Abstract
Scarcity of labels for medical images is a significant barrier for training representation learning approaches based on deep neural networks. This limitation is also present when using imaging data collected during routine clinical care stored in picture archiving communication systems (PACS), as these data rarely have attached the high-quality labels required for medical image computing tasks. However, medical images extracted from PACS are commonly coupled with descriptive radiology reports that contain significant information and could be leveraged to pre-train imaging models, which could serve as starting points for further task-specific fine-tuning.
In this work, we perform a head-to-head comparison of three different self-supervised strategies to pre-train the same imaging model on 3D brain computed tomography angiogram (CTA) images, with large vessel occlusion (LVO) detection as the downstream task. These strategies evaluate two natural language processing (NLP) approaches, one to extract 100 explicit radiology concepts (Rad-SpatialNet) and the other to create general-purpose radiology reports embeddings (DistilBERT). In addition, we experiment with learning radiology concepts directly or by using a recent self-supervised learning approach (CLIP) that learns by ranking the distance between language and image vector embeddings. The LVO detection task was selected because it requires 3D imaging data, is clinically important, and requires the algorithm to learn outputs not explicitly stated in the radiology report.
Pre-training was performed on an unlabeled dataset containing 1,542 3D CTA - reports pairs. The downstream task was tested on a labeled dataset of 402 subjects for LVO. We find that the pre-training performed with CLIP-based strategies improve the performance of the imaging model to detect LVO compared to a model trained only on the labeled data. The best performance was achieved by pre-training using the explicit radiology concepts and CLIP strategy.

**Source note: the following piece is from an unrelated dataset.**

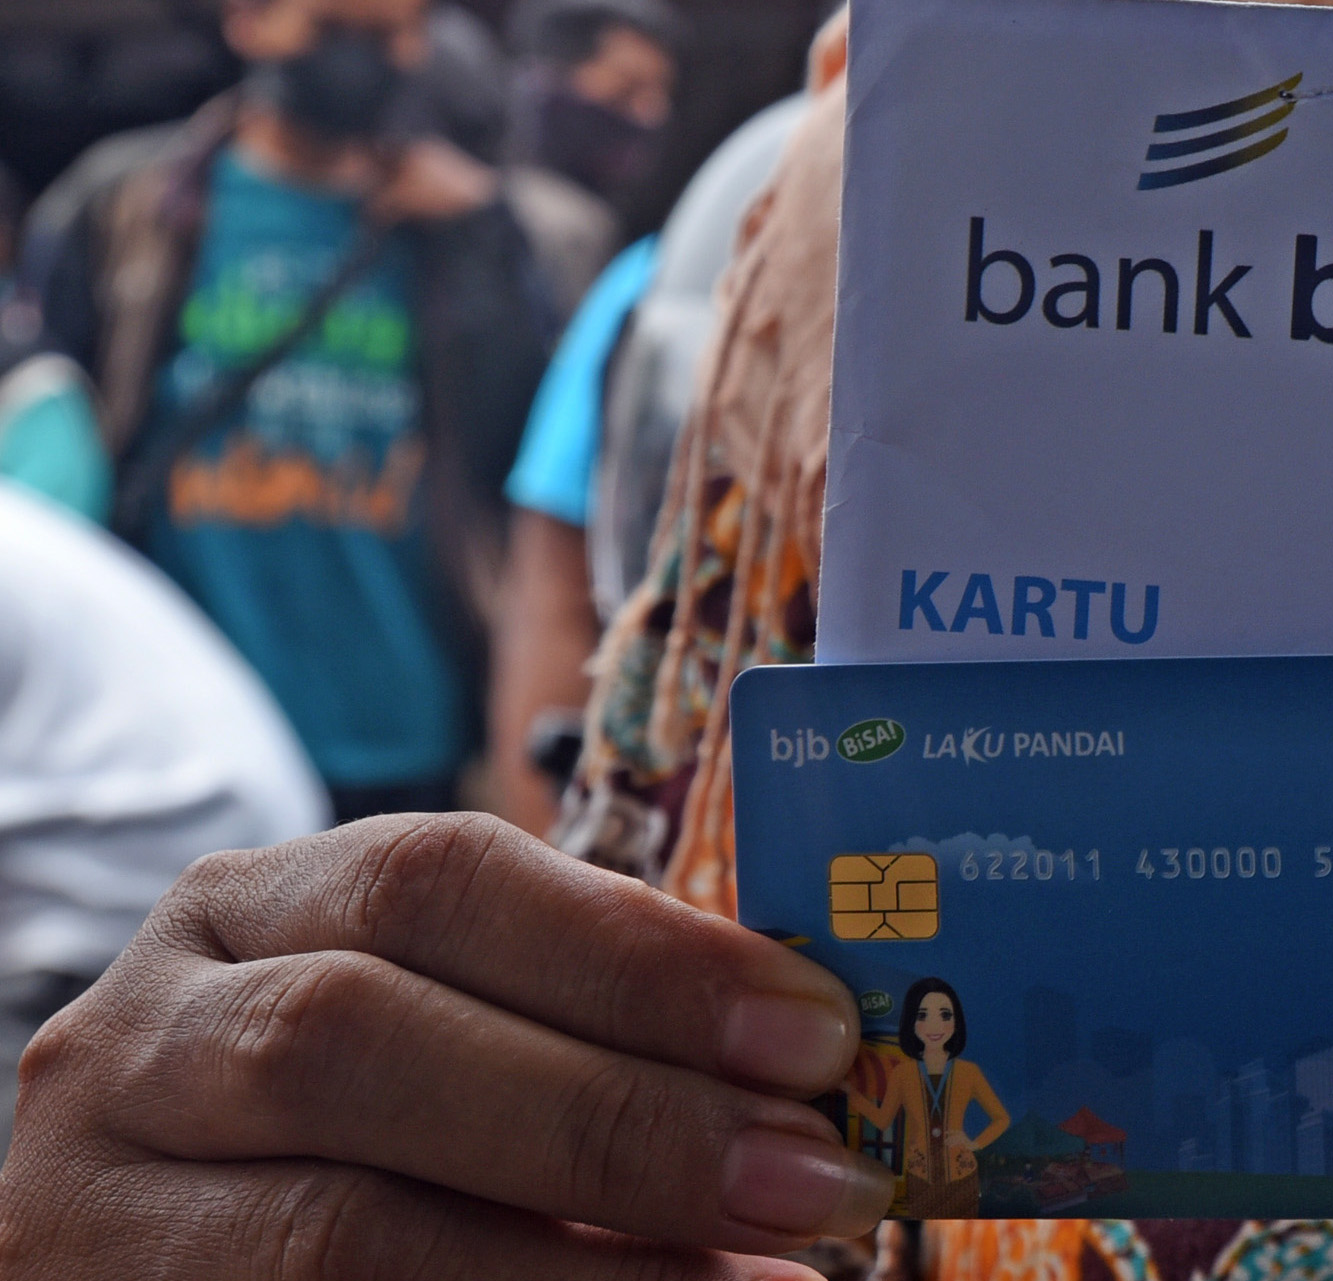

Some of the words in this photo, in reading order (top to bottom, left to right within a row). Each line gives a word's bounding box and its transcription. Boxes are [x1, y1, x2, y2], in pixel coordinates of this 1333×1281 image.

Index Terms: Large vessel occlusion, ischemic stroke, CLIP, BERT
1. INTRODUCTION
Scarcity of high quality labeled medical imaging data is a major hurdle for the development of machine learning models, and especially for deep neural networks. This is because data annotation is a manual and time-consuming process that can be expensive and necessitates medical expertise. Medical imaging data is typically stored in a picture archiving and communications system (PACS) server, to facilitate storage and sharing. In addition to images, PACS also store radiology reports that contain significant information that could be leveraged to pre-train imaging models with large datasets and no manual labeling. Several model pre-training and self-supervision approaches have been proposed to reduce model dependency on larger annotated datasets [1, 2, 3]. Recent studies [4, 5] have shown that the network can be trained without any explicit data annotation by joint modeling of radiology reports and medical images. These approaches have been using pre-trained imaging models and 2D X-ray images and, with a downstream task closely resembling what has been explicitly described in the radiology reports. It is not clear how self-supervised strategies trained on radiology reports would work on more complex downstream tasks and with 3D image data.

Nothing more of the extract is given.